El fascismo es, en este sentido, un canto al dogma, una plegaria a la sin-razón o, más específicamente, y como lo denominaba Georg Lukács, su único objetivo consiste en el desprecio y la consecuente destrucción de la razón, sustituyéndola por un voluntarismo ciego y por acciones “heróicas”, tales como la expropiación de industrias y comercios o los asaltos de “el pueblo organizado” –en realidad, lumpen, pleno de odio y resentimiento sembrados– contra la ciudadanía, a la que concibe como “el enemigo”. La “economía” controlada, al servicio del “pueblo”. El Estado sometido bajo la tutela de un caudillo que lo personifica, un autócrata que lo encarna. La “patria” son “las víctimas” que, ahora, pueden cobrar venganza y desatar la violencia a fin de defender los “sagrados intereses” del régimen. La llamada “tercera vía” fascista es, pues, el enemigo que decreta “la guerra a muerte” contra el liberalismo y el marxismo clásico: no el de Stalin ni el de Mao, sino el de Karl Marx, ese filósofo alemán, crítico y de clara formación occidental, discípulo de Hegel y de Feuerbach, lector de Saint Simon y Fourier, de Adam Smith y David Ricardo, amante de Shakespeare y Goethe, que admiraba la América sin esclavos de Lincoln.

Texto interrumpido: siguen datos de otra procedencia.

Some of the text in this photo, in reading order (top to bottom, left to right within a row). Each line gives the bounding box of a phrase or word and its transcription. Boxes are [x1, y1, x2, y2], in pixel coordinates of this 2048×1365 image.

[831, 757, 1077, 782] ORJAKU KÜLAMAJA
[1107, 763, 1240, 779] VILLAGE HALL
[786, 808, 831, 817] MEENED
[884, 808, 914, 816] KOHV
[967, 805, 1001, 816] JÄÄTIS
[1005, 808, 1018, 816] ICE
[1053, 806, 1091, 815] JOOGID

Maquiavelo es uno de esos filósofos que, más allá de los prejuicios y de las acusaciones infundadas, todo lector inteligente tiene la obligación de conocer en detalle. Un sargentón fascista, por ejemplo, no es, en realidad, un “maquiavélico”. Es, a lo sumo, una vergüenza. Maquiavelo le queda muy grande. Maquiavelo es el arquitecto del Estado moderno, occidental. Al describir el “gobierno del Turco” parece caracterizar los supuestos sobre los cuales se funda el Estado fascista. El “turco”, en efecto, es muy difícil de derrocar, porque él es la encarnación misma del Estado, su luz, su guía, en fin, el “elegido”. Por encima de él solo está el altísimo, a quien representa. Por debajo de él solo hay sátrapas y sirvientes, tropa, un sumiso rebaño presto a la ciega obediencia. Y sin embargo, afirma Maquiavelo, si “el gran timonel” llegase a desaparecer, entonces el Estado, construido a su imagen y semejanza, queda a la deriva, perdido, sin espacio ni tiempo. Solo “su hijo” podría sucederlo. Solo así el mito del Estado encarnado cobraría nuevas fuerzas, nuevos bríos.

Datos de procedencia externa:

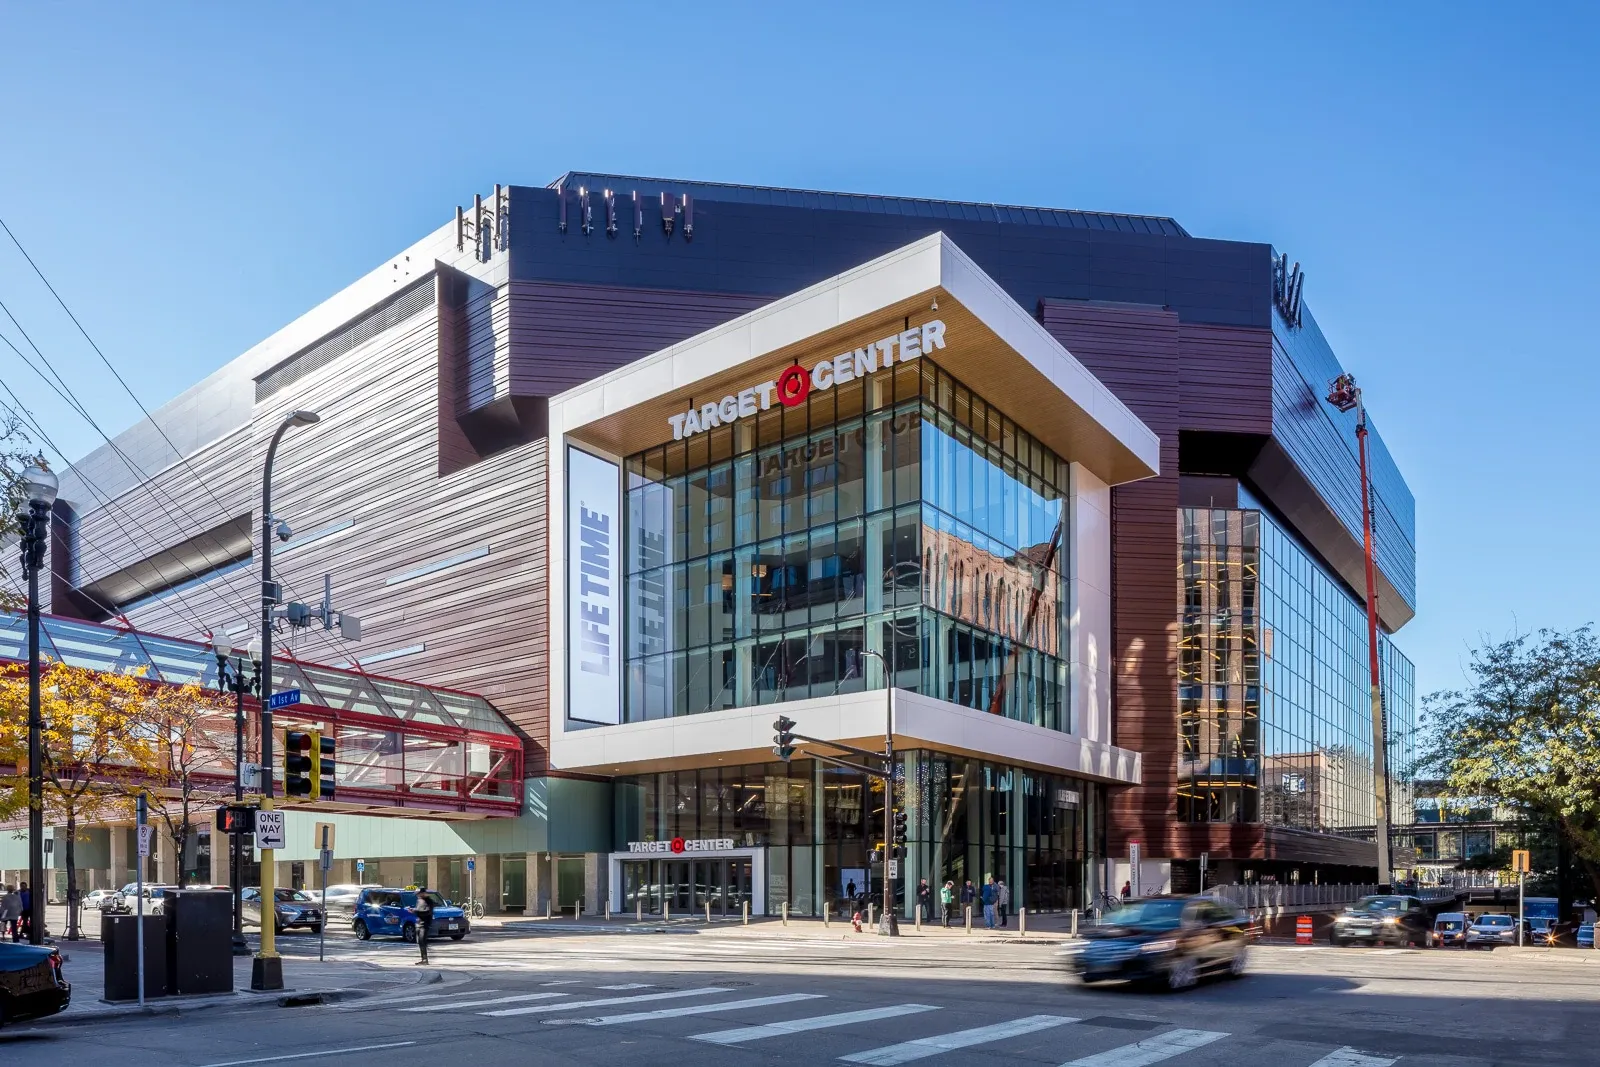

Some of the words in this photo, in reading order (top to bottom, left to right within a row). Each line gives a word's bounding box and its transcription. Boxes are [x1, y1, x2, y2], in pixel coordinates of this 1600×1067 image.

[668, 380, 777, 440] TARGET
[811, 319, 947, 391] CENTER
[580, 505, 610, 598] TIME
[580, 601, 610, 677] LIFE
[271, 697, 276, 706] N
[278, 696, 288, 704] 1st
[290, 692, 298, 702] Av
[260, 814, 280, 822] ONE
[260, 825, 280, 833] WAY
[627, 841, 671, 853] TARGET
[684, 838, 734, 851] CENTER

La propaganda es, en estos menesteres sucesorales, una pieza clave, de lujo. Es necesario convencer a las mayorías, en primer lugar, de que el tal sucesor, así no sea en realidad hijo del finado tirano, es su hijo legítimo, el auténtico. Pero, además, y en caso de que la satrapía, como suele suceder, se haya aprovechado de la maquinaria estatal para enriquecerse groseramente y corromper el espíritu de las mayorías a costa de su propia miseria, y, más aún, que el sucesor no presente las condiciones mínimas para justificar esa extraña conversión del Estado en un vulgar negocio ilícito, entonces conviene convencer a las masas de que, curiosamente, y a pesar de haberse muerto, “el Turco” –¡oh, milagro!– vive. En síntesis, “el Turco” murió, efectivamente. Pero hay que mantenerlo vivo a toda costa, porque solo así “el negocio” de la satrapía puede seguir prosperando. Maquiavelo era, ciertamente, un pensador genial.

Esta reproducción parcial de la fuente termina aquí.